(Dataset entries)
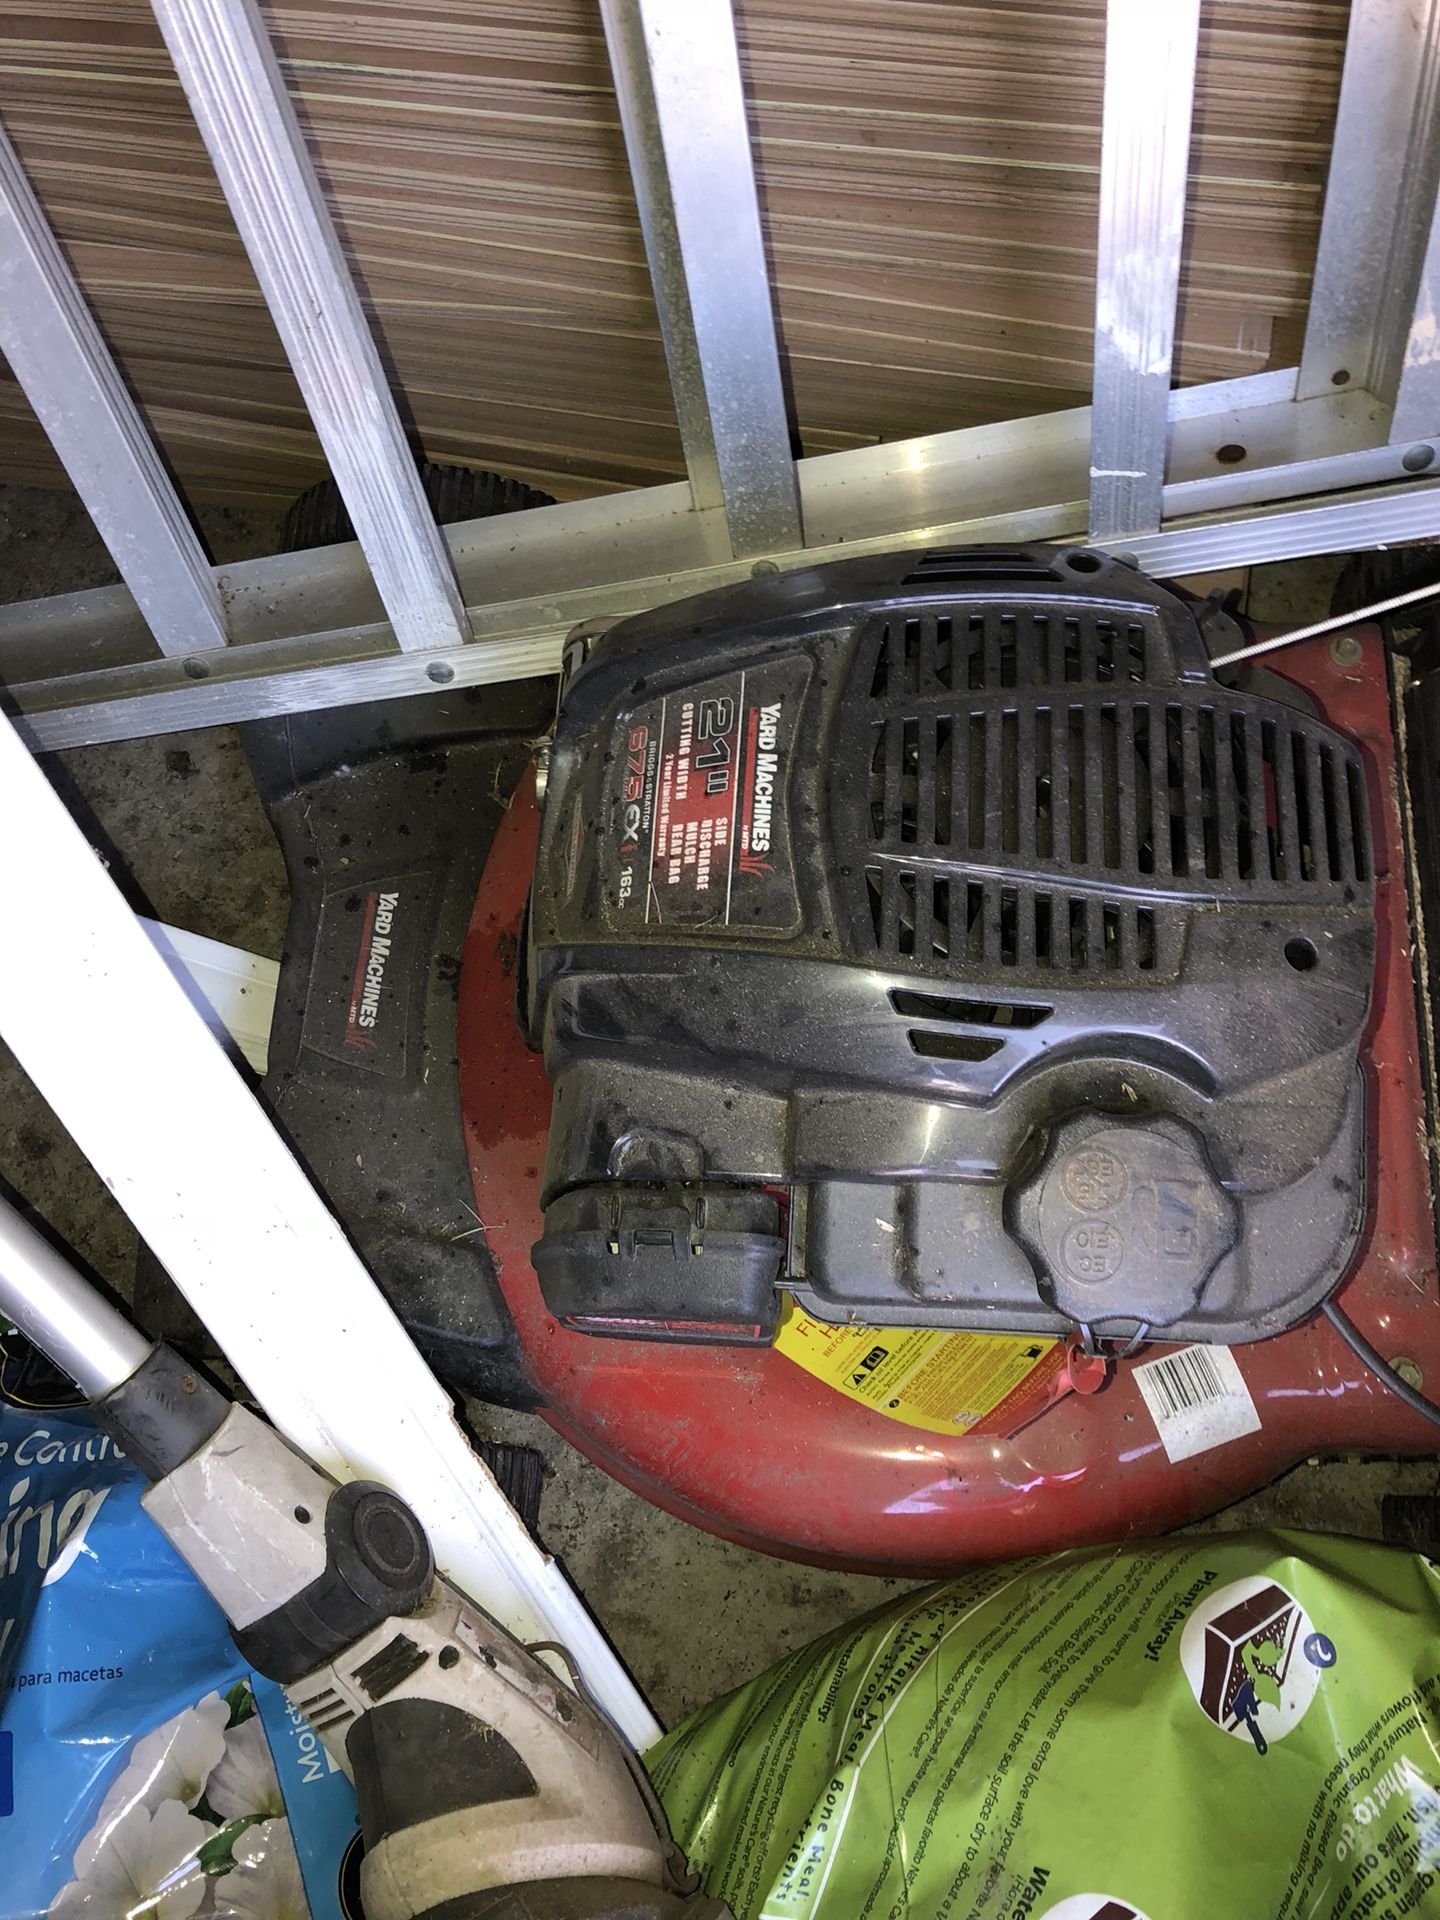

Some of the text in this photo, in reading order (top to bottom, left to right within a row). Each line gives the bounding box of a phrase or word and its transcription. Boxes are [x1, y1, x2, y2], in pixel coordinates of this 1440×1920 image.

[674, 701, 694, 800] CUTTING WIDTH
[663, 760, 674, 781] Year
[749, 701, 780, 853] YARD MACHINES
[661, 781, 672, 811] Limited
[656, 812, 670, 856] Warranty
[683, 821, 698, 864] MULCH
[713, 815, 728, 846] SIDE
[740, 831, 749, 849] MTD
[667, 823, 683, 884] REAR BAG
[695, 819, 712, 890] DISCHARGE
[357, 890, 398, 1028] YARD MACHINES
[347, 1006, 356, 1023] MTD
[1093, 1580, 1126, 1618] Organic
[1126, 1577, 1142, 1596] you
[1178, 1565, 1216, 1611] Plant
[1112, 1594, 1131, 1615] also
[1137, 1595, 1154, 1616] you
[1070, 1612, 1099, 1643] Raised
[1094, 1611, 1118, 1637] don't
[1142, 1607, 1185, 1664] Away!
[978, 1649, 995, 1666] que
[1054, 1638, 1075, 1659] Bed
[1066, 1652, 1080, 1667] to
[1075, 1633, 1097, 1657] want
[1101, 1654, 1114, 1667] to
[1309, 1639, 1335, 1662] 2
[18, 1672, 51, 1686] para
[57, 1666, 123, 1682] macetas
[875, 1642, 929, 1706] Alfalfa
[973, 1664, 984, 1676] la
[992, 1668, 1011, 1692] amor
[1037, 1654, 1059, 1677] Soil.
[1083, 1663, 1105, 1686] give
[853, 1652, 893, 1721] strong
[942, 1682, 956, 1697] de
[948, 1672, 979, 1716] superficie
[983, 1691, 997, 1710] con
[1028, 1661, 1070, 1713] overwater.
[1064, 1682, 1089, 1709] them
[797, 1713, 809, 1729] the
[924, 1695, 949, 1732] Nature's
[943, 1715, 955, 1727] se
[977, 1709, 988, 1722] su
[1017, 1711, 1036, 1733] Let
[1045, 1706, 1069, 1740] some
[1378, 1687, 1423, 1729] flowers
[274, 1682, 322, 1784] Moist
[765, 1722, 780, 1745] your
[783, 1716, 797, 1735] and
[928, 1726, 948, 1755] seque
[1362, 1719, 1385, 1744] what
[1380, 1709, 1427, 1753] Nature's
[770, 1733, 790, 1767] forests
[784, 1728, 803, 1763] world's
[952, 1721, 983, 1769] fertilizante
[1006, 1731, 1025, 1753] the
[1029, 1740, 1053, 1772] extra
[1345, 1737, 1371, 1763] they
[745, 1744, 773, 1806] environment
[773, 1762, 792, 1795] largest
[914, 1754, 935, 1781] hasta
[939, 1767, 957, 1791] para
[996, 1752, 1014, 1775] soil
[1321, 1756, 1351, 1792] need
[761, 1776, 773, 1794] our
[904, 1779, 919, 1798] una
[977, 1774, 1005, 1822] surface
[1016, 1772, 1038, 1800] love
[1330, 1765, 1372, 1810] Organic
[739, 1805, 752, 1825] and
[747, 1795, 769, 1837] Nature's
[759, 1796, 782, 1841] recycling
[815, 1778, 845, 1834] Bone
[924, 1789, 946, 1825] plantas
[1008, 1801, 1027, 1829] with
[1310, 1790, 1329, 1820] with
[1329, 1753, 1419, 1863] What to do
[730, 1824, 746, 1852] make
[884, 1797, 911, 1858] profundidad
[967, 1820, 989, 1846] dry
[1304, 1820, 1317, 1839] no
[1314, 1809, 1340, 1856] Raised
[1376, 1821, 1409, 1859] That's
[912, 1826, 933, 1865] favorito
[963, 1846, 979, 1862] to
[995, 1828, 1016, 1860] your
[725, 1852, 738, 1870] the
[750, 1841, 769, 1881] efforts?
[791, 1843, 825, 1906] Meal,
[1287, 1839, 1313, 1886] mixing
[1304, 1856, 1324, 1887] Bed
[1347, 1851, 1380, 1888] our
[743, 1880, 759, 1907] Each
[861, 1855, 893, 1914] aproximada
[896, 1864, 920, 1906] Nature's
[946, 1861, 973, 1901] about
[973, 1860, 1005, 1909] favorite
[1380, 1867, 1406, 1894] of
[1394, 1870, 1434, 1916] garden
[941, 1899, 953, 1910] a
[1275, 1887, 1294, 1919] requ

— Task prompt —
Pull out every line of the records above that contains the word "Nature".

— Output of the task —
[924, 1695, 949, 1732] Nature's
[1380, 1709, 1427, 1753] Nature's
[747, 1795, 769, 1837] Nature's
[896, 1864, 920, 1906] Nature's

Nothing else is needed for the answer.